NH: During my time as a humane educator, I have noticed significant changes in the classrooms. Today, it is rare to find a student or teacher who does not understand the term “vegan,” and it is likely that at least one of the students in the classroom is vegetarian or vegan. Also, more students have at least heard of factory farming.

This knowledge of veganism and factory farming makes the discussion less controversial today than it was 10 years ago. Students appreciate that the presentations acknowledge that ultimately the students must make their own decisions. As a result, the reactions have been positive.

Students appreciate the respect they are given to make their own choices, and teachers and administrators appreciate that the presentations do not comes across as “indoctrination.” Even when presentations are given in schools with strong agricultural programs, and some of the students belong to organizations such as Future Farmers of America, while there may be differences of opinion regarding the ethics of eating animals, the details and impacts of factory farming have not been disputed.

IHE: What are some of the future goals of the ECP?

NH: The Ethical Choices Program continues to look for humane educators. ECP has a goal of having their presentations offered in every state.

IHE: What are some of your future humane ed goals?

NH: I will continue speaking to students in schools. Until humane education becomes part of the core curriculum and all teachers have exposure to humane education as part of their training, there will be a need for humane educators who are not full-time teachers to go into the schools.

I will also encourage more people to become humane educators through IHE’s graduate program, and assist in the implementation of IHE’s Solutionary Congress Program.

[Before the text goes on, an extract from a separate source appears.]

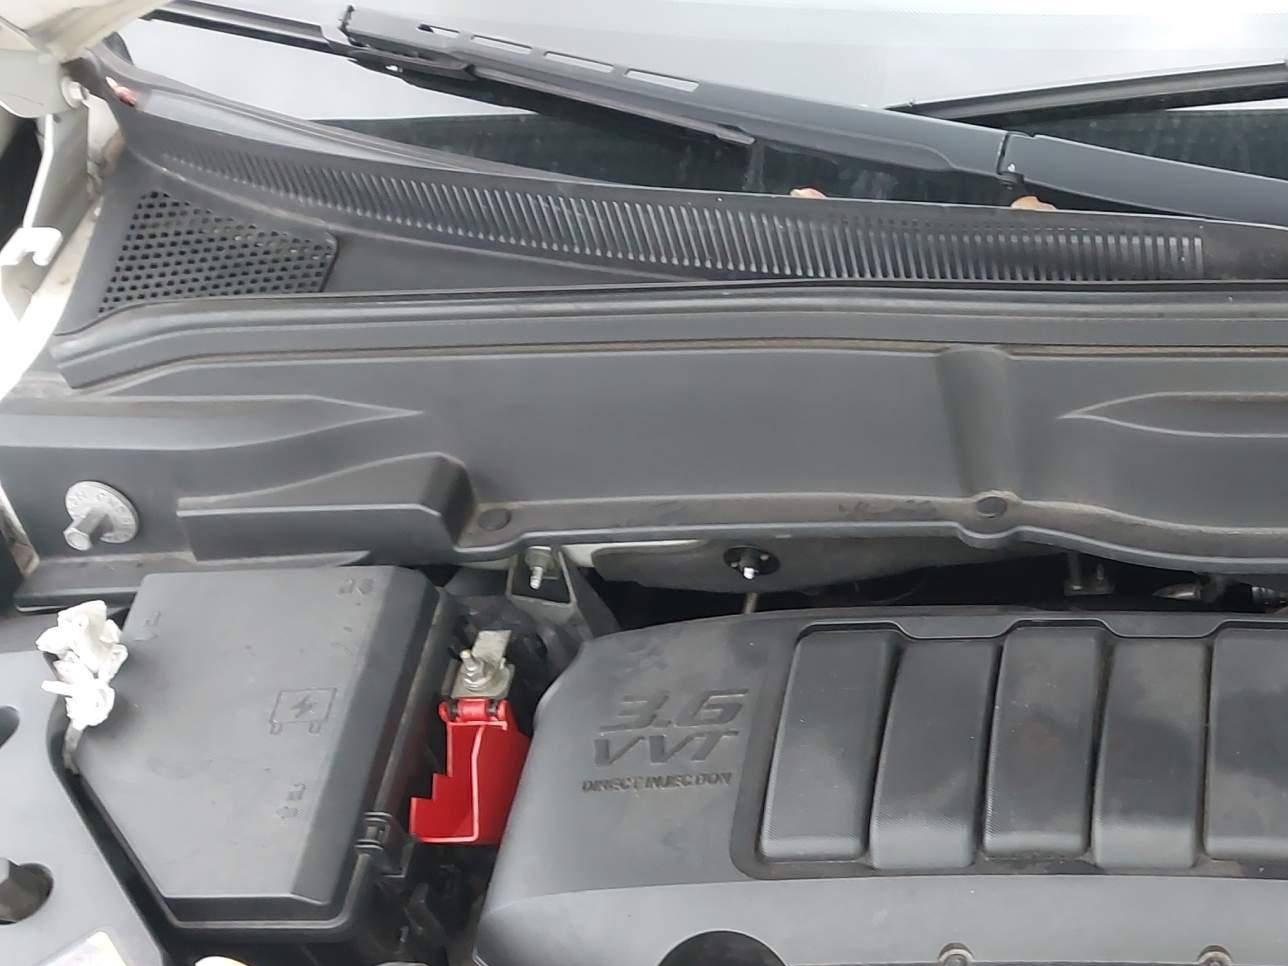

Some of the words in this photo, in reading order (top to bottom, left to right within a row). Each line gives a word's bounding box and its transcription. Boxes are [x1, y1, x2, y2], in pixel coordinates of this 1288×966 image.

Taking a cue from IHE’s Solutionary Congress Program, I have also begun implementing some ideas into action. I have begun transitioning a relative’s tobacco farm into a certified organic farm. The goal is to transition the farm from a monocrop producer to a permaculture environment, and to have the farm be part of the community, supporting various local businesses and restaurants by providing a source of local, organic produce.

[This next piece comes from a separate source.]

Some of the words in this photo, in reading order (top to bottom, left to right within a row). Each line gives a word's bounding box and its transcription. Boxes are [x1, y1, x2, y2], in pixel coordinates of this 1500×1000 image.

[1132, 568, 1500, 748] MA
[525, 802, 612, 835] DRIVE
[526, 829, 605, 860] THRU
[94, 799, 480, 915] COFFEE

IHE: What would you say to others interested in IHE’s graduate programs?

NH: Without a doubt, IHE’s graduate program was one of the defining moments in my life.

Two things I learned from the graduate program are: what I don’t know far exceeds what I do know; and when you are willing to look honestly at the problems our society faces, solutions always present themselves. These two points have helped me keep an open mind, and to welcome new ideas and information.

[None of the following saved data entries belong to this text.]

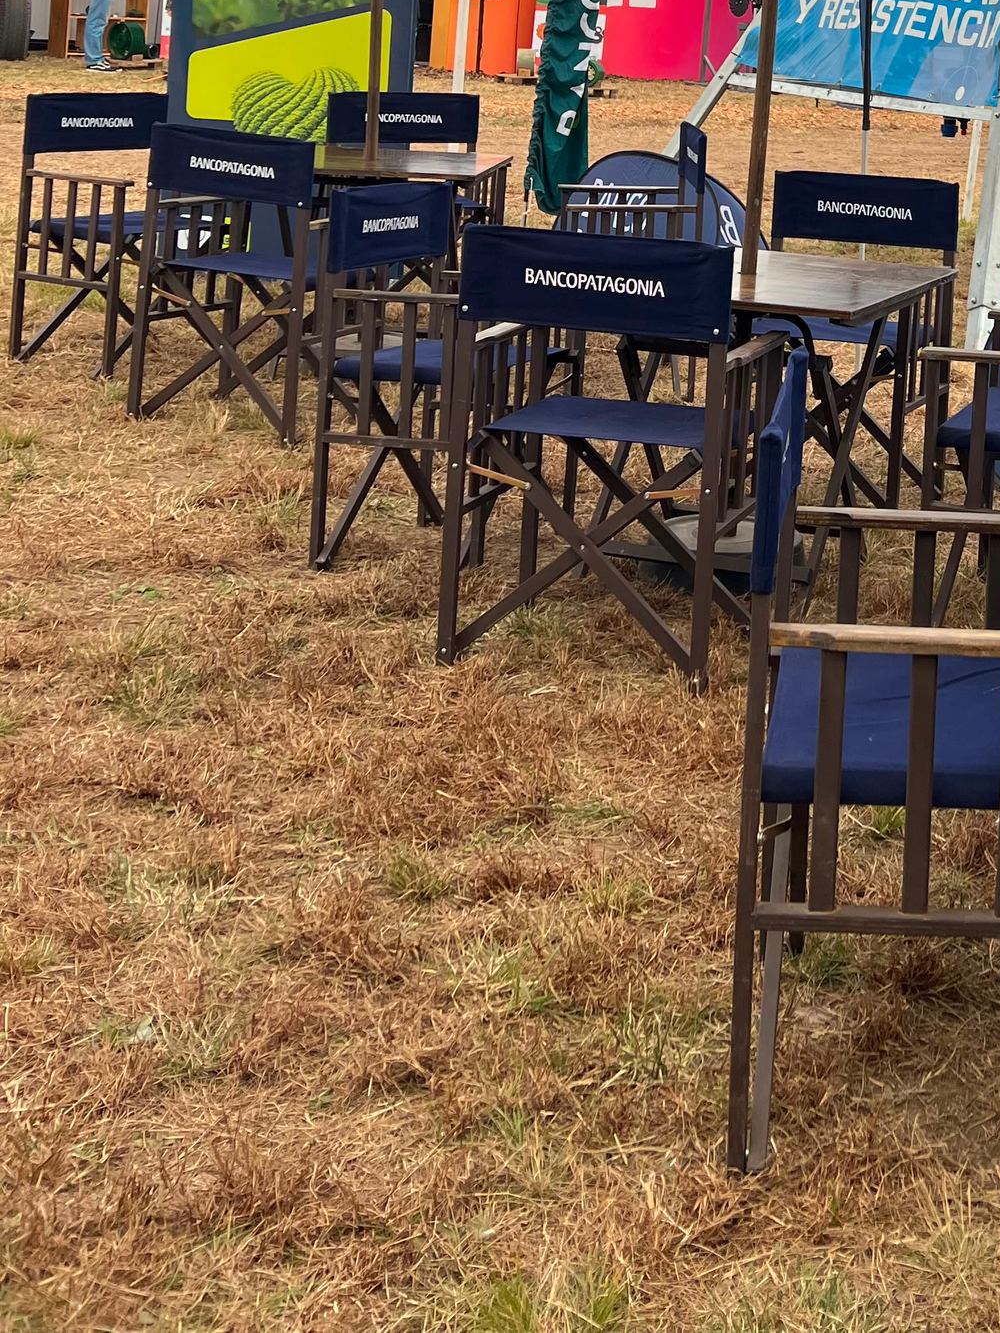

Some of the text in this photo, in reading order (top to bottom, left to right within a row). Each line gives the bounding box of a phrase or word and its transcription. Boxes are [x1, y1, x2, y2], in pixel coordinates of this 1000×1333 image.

[61, 116, 134, 128] BANCOPATAGONIA
[364, 112, 443, 124] NCOPATAGONIA
[189, 155, 275, 179] BANCOPATAGONIA
[816, 199, 912, 221] BANCOPATAGONIA
[362, 215, 419, 234] BANCOPATAGONIA
[525, 267, 665, 298] BANCOPATAGONIA

People often ask me how a humane education degree can be used. My typical response is to start by doing something you enjoy, and you will find that humane education will augment that job.

Humane education is not just for teachers. It is for everyone, such as a financial investor who creates funds supporting sustainable businesses; a medical researcher who develops testing methods to replace animal testing; a manufacturer who ensures their raw materials are obtained using sustainable and fair-trade methods. Humane education shows up in all aspects of our society.

Lastly, in the grad program you will meet the most inspirational and supportive people, in both the faculty and your fellow students. They all help each other navigate the various social justice issues in our society.

It is one of the best and most important investments you can make in your life.